Dando continuidade ao estudo de jurimetria realizado junto à 4ª Vara Empresaria da Comarca da Capital do Rio de Janeiro, repete-se a pesquisa na 3ª Vara, da mesma Comarca.

A pesquisa foi realizada em processos protocolados nos anos entre 2014 a 2018, contabilizando 09 processos ativos.

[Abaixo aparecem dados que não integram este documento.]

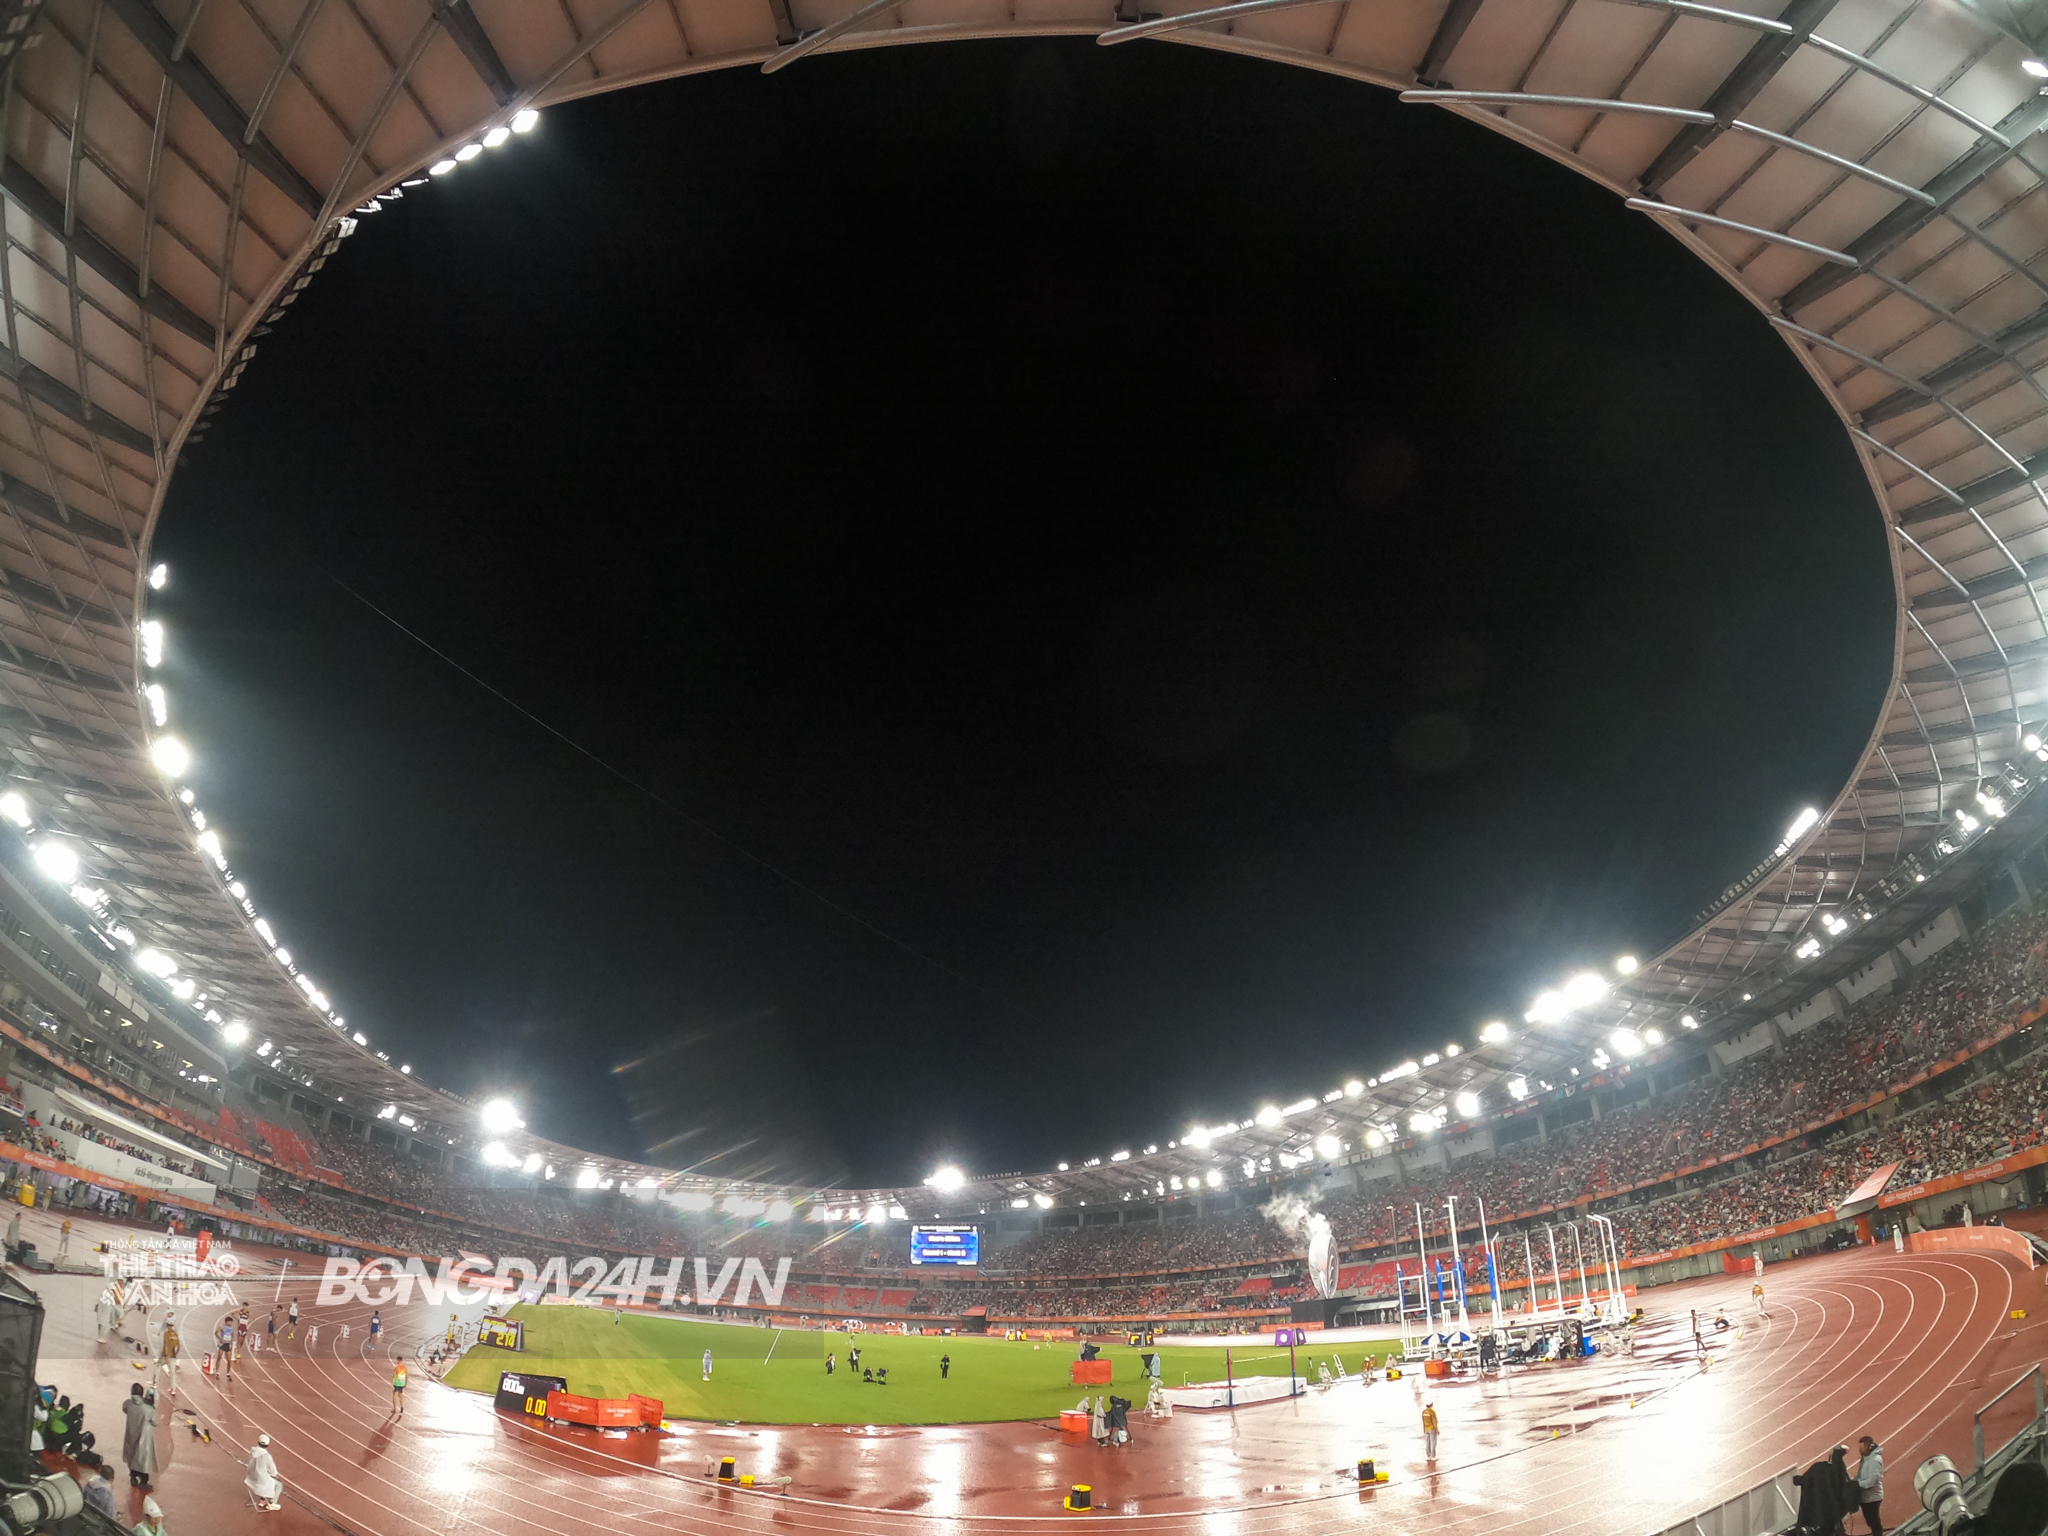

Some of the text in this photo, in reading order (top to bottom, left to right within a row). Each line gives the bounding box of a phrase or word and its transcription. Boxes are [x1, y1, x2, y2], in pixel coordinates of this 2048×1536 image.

[1913, 1186, 1925, 1196] 2026
[1764, 1229, 1776, 1237] 2026
[1661, 1252, 1673, 1260] 2026
[502, 1377, 525, 1395] 800m
[525, 1396, 547, 1416] 0.00

Dentre esses, o processo nº 0094224-92.2018.8.19.0001 ainda não teve a publicação do edital de convocação da AGC (previsto no artigo 36 da Lei nº 11.101 de 2005) e, consequentemente, não ocorreu à votação da assembleia.

O processo nº 0434093-57.2016.8.19.0001 também não houve a publicação do edital de convocação da assembleia geral de credores tendo em vista a existência de julgamento de embargos de declaração.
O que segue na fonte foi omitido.